» **YOUR ASSIGNMENT**
Copy the records below without altering a single word.
──────────────────────────────
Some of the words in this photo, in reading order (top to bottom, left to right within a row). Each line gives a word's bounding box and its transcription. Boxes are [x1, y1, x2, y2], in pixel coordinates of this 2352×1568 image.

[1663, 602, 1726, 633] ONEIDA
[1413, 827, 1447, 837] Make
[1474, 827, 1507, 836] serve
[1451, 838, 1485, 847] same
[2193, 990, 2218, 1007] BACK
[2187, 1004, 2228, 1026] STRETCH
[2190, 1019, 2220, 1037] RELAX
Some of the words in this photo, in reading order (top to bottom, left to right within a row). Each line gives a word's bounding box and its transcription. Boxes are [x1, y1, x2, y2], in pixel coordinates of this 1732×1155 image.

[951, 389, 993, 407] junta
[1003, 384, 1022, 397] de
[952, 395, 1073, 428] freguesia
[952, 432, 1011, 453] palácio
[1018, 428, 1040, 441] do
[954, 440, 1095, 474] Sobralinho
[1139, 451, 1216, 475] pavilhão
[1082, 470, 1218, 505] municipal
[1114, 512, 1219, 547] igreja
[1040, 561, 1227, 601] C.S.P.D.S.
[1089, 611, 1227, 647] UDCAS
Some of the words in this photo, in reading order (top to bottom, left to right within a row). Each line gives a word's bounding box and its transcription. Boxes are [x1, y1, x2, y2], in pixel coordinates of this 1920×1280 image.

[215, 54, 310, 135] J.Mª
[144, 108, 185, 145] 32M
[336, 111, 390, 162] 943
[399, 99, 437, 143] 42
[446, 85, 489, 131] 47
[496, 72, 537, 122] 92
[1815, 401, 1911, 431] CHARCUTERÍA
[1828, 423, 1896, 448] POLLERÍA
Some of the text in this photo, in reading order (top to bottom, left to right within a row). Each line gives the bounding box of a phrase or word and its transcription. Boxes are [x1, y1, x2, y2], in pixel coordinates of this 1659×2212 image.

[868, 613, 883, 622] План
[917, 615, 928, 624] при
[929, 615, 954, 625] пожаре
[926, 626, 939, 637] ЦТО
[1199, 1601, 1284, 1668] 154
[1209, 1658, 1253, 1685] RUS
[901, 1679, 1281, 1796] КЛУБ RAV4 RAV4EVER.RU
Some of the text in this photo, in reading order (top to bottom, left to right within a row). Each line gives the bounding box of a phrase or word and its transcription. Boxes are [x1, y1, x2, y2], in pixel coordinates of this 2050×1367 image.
──────────────────────────────
» **RESULT**
Some of the words in this photo, in reading order (top to bottom, left to right within a row). Each line gives a word's bounding box and its transcription. Boxes are [x1, y1, x2, y2], in pixel coordinates of this 2352×1568 image.

[1663, 602, 1726, 633] ONEIDA
[1413, 827, 1447, 837] Make
[1474, 827, 1507, 836] serve
[1451, 838, 1485, 847] same
[2193, 990, 2218, 1007] BACK
[2187, 1004, 2228, 1026] STRETCH
[2190, 1019, 2220, 1037] RELAX
Some of the words in this photo, in reading order (top to bottom, left to right within a row). Each line gives a word's bounding box and its transcription. Boxes are [x1, y1, x2, y2], in pixel coordinates of this 1732×1155 image.

[951, 389, 993, 407] junta
[1003, 384, 1022, 397] de
[952, 395, 1073, 428] freguesia
[952, 432, 1011, 453] palácio
[1018, 428, 1040, 441] do
[954, 440, 1095, 474] Sobralinho
[1139, 451, 1216, 475] pavilhão
[1082, 470, 1218, 505] municipal
[1114, 512, 1219, 547] igreja
[1040, 561, 1227, 601] C.S.P.D.S.
[1089, 611, 1227, 647] UDCAS
Some of the words in this photo, in reading order (top to bottom, left to right within a row). Each line gives a word's bounding box and its transcription. Boxes are [x1, y1, x2, y2], in pixel coordinates of this 1920×1280 image.

[215, 54, 310, 135] J.Mª
[144, 108, 185, 145] 32M
[336, 111, 390, 162] 943
[399, 99, 437, 143] 42
[446, 85, 489, 131] 47
[496, 72, 537, 122] 92
[1815, 401, 1911, 431] CHARCUTERÍA
[1828, 423, 1896, 448] POLLERÍA
Some of the text in this photo, in reading order (top to bottom, left to right within a row). Each line gives the bounding box of a phrase or word and its transcription. Boxes are [x1, y1, x2, y2], in pixel coordinates of this 1659×2212 image.

[868, 613, 883, 622] План
[917, 615, 928, 624] при
[929, 615, 954, 625] пожаре
[926, 626, 939, 637] ЦТО
[1199, 1601, 1284, 1668] 154
[1209, 1658, 1253, 1685] RUS
[901, 1679, 1281, 1796] КЛУБ RAV4 RAV4EVER.RU
Some of the text in this photo, in reading order (top to bottom, left to right within a row). Each line gives the bounding box of a phrase or word and its transcription. Boxes are [x1, y1, x2, y2], in pixel coordinates of this 2050×1367 image.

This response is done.